Configuration class for specifying global and module-level options for the palettization algorithm implemented in DKMPalettizer.

The parameters specified in this config control the DKM algorithm, described in DKM: Differentiable K-Means Clustering Layer for Neural Network Compression.

For most use cases, the only parameters you need to specify are n_bits, weight_threshold, and milestone.

Note

Most of the parameters in this class are meant for advanced use cases and for further fine-tuning the DKM algorithm. The default values usually work for a majority of tasks.

Note

Change the following parameters only when you use activation quantization in conjunction with DKM weight palettization: quant_min, quant_max, dtype, and quantize_activations.

Parameters:

n_bits (int) – Number of clusters. The number of clusters used is $2^{n_b i t s}$ . Defaults to 4 for linear layers and 2 for all other layers.
weight_threshold (int) – A module is only palettized if the number of elements in its weight matrix exceeds weight_threshold. If there are multiple weights in a module, such as torch.nn.MultiheadAttention, all of them must have more elements than the weight_threshold for the module to be palettized. Defaults to 2048.
granularity (PalettizationGranularity) – Granularity for palettization. One of per_tensor or per_grouped_channel. Defaults to per_tensor.
group_size (int) – Specify the number of channels in a group. Only effective when granularity is per_grouped_channel.
channel_axis (int) – Specify the channel axis to form a group of channels. Only effective when granularity is per_grouped_channel. Defaults to output channel axis.

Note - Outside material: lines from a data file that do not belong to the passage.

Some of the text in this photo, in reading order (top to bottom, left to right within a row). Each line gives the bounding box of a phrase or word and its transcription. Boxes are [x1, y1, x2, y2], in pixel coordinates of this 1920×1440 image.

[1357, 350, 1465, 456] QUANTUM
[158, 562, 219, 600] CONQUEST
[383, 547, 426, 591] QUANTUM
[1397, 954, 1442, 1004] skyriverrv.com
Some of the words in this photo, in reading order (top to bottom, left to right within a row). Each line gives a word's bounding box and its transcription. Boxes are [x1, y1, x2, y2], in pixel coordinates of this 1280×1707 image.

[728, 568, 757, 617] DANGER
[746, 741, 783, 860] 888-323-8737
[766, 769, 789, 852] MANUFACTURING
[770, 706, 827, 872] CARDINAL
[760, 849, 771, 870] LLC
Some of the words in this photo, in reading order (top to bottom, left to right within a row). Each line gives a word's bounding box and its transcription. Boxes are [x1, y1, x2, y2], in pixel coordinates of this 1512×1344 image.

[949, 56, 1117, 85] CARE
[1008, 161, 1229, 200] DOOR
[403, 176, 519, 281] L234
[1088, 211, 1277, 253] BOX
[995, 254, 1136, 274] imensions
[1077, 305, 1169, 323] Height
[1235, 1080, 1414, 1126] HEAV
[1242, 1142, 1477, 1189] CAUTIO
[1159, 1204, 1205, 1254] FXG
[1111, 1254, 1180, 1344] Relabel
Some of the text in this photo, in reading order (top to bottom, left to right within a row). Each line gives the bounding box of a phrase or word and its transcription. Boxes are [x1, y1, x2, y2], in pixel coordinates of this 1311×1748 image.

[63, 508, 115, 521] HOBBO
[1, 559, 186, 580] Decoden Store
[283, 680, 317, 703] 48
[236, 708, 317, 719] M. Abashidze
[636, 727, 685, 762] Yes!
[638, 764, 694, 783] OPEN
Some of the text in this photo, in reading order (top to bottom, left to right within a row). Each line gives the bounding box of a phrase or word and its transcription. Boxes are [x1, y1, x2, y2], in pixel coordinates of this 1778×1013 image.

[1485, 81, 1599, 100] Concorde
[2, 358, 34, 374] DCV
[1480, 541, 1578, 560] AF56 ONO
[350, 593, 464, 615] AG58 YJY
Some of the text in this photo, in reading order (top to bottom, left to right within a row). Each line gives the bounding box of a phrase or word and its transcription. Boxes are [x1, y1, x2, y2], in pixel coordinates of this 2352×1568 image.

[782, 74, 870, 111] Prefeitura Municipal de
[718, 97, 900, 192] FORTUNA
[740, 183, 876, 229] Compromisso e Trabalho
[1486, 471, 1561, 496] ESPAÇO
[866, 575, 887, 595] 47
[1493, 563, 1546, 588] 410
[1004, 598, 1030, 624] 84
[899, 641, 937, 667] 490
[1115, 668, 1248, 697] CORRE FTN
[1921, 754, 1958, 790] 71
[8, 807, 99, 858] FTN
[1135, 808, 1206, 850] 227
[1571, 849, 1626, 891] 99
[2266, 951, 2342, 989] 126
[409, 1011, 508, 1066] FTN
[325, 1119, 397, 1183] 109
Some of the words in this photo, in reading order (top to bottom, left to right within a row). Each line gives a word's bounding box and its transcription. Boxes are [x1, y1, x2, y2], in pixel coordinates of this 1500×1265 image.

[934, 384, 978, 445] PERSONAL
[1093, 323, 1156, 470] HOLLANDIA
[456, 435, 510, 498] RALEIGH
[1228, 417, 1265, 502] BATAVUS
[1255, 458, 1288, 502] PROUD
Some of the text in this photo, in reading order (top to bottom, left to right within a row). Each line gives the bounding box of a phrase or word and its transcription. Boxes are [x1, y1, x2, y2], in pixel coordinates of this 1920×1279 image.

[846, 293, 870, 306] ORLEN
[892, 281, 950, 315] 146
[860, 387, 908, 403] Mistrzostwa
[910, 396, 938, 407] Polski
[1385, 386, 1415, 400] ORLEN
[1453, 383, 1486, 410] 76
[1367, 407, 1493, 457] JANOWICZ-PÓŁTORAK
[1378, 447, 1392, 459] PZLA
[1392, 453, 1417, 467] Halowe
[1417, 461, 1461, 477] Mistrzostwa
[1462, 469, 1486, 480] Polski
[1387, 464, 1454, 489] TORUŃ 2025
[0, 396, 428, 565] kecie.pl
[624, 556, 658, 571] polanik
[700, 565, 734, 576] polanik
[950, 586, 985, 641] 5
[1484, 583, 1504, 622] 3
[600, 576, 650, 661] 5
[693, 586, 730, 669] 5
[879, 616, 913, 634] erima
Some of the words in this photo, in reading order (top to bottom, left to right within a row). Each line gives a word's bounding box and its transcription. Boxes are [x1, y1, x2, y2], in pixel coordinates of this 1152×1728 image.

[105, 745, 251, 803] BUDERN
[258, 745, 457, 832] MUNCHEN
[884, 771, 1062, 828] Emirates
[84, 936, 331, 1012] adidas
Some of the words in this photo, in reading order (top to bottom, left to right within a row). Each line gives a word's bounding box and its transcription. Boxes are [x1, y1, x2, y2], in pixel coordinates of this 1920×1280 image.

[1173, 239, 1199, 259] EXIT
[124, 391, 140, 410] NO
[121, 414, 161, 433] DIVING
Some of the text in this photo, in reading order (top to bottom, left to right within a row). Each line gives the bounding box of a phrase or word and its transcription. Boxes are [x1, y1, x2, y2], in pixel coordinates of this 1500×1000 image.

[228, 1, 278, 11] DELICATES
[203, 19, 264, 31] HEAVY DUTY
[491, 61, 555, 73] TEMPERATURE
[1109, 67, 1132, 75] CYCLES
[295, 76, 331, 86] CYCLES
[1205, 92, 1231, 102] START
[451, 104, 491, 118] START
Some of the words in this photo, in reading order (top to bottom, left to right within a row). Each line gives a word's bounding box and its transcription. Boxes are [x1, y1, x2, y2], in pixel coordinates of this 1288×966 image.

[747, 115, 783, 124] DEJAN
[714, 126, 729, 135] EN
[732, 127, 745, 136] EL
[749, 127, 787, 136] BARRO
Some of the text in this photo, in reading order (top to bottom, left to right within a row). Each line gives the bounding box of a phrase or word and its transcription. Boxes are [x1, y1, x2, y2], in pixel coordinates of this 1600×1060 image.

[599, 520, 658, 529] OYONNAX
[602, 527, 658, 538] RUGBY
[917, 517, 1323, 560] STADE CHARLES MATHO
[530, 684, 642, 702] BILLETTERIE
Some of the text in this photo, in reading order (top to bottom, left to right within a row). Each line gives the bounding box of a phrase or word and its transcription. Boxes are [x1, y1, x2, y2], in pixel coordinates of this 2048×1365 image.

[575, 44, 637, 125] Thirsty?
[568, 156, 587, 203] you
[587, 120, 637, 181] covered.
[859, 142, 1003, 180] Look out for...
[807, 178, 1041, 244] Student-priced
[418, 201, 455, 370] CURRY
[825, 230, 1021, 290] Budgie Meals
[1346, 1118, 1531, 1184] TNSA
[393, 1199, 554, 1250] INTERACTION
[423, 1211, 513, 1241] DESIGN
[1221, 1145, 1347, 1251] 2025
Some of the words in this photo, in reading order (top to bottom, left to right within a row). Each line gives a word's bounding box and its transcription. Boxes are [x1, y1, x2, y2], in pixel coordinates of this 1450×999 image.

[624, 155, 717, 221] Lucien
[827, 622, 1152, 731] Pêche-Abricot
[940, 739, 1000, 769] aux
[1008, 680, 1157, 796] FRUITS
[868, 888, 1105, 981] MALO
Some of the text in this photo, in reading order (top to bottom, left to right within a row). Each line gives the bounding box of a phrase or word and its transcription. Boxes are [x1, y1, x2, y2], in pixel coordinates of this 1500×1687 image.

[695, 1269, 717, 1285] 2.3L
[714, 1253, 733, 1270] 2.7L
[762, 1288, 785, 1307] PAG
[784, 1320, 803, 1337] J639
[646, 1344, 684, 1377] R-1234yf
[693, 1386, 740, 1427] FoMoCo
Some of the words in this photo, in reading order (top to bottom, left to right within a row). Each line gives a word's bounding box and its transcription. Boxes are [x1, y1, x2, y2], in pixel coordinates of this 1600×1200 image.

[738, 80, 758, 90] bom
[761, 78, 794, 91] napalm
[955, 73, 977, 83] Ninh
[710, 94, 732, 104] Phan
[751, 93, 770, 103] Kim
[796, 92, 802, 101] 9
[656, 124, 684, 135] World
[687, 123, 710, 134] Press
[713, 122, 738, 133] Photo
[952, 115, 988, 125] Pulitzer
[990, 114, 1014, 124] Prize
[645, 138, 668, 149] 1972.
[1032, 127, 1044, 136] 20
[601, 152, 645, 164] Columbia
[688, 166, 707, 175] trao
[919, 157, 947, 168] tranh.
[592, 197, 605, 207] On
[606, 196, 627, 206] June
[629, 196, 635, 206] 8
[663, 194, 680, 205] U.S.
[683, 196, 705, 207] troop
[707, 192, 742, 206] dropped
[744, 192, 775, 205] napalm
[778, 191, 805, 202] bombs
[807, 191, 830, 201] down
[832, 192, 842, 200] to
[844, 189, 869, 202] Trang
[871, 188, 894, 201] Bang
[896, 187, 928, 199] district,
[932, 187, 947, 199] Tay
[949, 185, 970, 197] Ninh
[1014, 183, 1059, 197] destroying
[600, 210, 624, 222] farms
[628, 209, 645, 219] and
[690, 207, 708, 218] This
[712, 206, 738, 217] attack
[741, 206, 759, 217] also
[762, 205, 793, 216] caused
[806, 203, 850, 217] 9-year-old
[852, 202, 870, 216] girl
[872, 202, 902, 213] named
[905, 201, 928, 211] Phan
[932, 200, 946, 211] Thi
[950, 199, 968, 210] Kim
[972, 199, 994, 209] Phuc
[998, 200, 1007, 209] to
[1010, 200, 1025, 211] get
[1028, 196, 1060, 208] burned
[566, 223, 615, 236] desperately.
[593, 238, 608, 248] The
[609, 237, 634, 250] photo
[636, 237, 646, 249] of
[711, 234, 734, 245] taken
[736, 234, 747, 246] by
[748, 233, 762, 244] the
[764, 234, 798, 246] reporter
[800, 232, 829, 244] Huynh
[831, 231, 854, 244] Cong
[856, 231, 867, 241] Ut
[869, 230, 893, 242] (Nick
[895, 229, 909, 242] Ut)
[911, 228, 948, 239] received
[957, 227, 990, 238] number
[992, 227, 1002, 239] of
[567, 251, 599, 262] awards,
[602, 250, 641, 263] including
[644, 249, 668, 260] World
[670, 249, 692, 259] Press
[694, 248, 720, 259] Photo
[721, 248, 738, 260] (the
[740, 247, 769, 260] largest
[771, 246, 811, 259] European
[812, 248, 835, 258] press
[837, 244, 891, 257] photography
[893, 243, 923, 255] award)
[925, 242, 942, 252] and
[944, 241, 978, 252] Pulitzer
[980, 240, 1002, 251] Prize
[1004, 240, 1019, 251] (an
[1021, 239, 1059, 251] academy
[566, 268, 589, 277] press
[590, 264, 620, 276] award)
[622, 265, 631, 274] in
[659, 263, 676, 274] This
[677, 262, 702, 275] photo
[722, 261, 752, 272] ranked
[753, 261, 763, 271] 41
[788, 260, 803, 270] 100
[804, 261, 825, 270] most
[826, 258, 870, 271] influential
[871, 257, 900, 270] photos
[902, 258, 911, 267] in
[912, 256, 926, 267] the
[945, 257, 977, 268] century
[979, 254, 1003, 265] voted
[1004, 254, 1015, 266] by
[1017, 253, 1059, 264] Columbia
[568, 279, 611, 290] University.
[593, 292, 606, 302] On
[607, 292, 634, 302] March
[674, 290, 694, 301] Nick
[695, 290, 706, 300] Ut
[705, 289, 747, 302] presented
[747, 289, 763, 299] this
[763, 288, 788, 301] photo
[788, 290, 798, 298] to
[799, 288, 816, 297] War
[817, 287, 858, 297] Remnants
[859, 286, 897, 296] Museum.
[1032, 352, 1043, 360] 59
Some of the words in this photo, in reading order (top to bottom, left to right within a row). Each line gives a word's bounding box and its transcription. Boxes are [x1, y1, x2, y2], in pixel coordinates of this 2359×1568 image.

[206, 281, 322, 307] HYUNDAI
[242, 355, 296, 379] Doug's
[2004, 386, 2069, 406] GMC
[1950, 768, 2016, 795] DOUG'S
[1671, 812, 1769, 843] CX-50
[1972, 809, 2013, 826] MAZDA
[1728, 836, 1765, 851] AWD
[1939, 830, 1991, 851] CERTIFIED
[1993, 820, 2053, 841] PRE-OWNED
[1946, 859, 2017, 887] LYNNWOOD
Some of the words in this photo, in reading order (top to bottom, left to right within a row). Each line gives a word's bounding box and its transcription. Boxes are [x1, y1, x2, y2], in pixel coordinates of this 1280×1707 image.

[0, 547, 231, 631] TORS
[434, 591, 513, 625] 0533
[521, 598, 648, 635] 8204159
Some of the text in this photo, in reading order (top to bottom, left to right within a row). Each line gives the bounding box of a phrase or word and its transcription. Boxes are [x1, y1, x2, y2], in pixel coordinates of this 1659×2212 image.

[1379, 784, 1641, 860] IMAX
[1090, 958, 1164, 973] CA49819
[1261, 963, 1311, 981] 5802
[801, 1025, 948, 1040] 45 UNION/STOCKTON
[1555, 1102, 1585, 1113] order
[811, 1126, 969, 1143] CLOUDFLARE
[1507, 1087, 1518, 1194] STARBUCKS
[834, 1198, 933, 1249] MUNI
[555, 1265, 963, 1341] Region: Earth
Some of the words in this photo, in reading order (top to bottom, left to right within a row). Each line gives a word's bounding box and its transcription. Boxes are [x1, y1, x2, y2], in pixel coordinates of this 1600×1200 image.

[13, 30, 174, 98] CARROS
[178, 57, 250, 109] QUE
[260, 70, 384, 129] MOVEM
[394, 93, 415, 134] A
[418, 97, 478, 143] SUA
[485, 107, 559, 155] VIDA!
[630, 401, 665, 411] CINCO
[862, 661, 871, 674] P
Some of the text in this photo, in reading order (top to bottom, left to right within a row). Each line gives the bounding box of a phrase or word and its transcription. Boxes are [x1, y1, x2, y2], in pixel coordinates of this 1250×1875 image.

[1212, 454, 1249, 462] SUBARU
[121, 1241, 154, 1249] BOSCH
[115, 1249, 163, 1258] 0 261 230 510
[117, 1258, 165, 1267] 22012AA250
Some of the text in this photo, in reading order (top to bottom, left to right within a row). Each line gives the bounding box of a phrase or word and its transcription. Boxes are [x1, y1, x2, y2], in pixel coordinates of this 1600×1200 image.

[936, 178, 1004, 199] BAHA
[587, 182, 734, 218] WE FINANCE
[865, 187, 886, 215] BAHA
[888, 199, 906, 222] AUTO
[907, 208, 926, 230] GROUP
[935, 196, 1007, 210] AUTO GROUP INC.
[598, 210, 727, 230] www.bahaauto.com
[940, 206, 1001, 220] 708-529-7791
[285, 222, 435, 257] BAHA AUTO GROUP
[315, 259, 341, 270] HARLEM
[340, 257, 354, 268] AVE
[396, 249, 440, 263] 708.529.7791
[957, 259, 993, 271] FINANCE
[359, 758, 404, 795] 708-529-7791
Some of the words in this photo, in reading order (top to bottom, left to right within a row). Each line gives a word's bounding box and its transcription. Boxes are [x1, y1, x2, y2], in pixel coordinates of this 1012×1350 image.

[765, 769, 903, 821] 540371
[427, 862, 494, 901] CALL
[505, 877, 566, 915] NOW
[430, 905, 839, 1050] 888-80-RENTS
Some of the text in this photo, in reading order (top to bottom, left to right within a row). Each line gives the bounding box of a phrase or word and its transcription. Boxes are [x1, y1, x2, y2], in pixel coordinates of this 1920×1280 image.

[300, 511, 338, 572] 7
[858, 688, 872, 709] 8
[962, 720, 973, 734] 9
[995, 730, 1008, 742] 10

For now, only output channel axis is supported by DKM.
enable_per_channel_scale (bool) – When set to True, per-channel scaling is used along the channel dimension.
milestone (int) – Step or epoch at which palettization begins. Defaults to 0.
cluster_dim (int, optional) – The dimension of each cluster.
quant_min (int, optional) – The minimum value for each element in the weight clusters if they are quantized. Defaults to -128.
quant_max (int, optional) – The maximum value for each element in the weight clusters if they are quantized. Defaults to 127
dtype (torch.dtype, optional) – The dtype to use for quantizing the activations. Only applies when quantize_activations is True. Defaults to torch.qint8.
lut_dtype (str, optional) – dtype to use for quantizing the clusters. Allowed options are 'i8', 'u8', 'f16', 'bf16', 'f32'. Defaults to 'f32', so by default, the clusters aren’t quantized.
quantize_activations (bool, optional) – When True, the activations are quantized. Defaults to False.
cluster_permute (tuple, optional) – Permutation order to apply to weight partitions. Defaults to None.
palett_max_mem (float, optional) – Proportion of available GPU memory that should be used for palettization. Defaults to 1.0.
kmeans_max_iter (int, optional) – Maximum number of differentiable k-means iterations. Defaults to 3.
prune_threshold (float, optional) – Hardshrinks weights between [-prune_threshold, prune_threshold] to zero. Useful for joint pruning and palettization. Defaults to 1e-7.
kmeans_init (str, optional) – k-means algorithm to use. Allowed options are opt1d, cpu.kmeans++ and kmeans++. Defaults to auto.
kmeans_opt1d_threshold (int, optional) – Channel threshold to decide if opt1d kmeans should be used. Defaults to 1024.
enforce_zero (bool, optional) – If True, enforces the LUT centroid which is closest to the origin to be fixed to zero. Defaults to False.
palett_mode (str, optional) – Criteria to calculate attention during k-means. Allowed options are gsm, dkm and hard. Defaults to dkm.
palett_tau (float, optional) – Temperature factor for softmax used in DKM algorithm. Defaults to 0.0001.
palett_epsilon (float, optional) – Distance threshold for clusters between k-means iterations. Defaults to 0.0001.
palett_lambda (float, optional) – Reduces effects of outliers during centroid calculation. Defaults to 0.0.
add_extra_centroid (bool, optional) – If True, adds an extra centroid to the LUT. Defaults to False.
palett_cluster_tol (float, optional) – Tolerance for non-unique centroids in the LUT. The higher the number, the more tolerance for non-unique centroids. Defaults to 0.0.
palett_min_tsize (int, optional) – Weight threshold beyond which to use custom packing and unpacking hook for autograd. Defaults to 64*1024.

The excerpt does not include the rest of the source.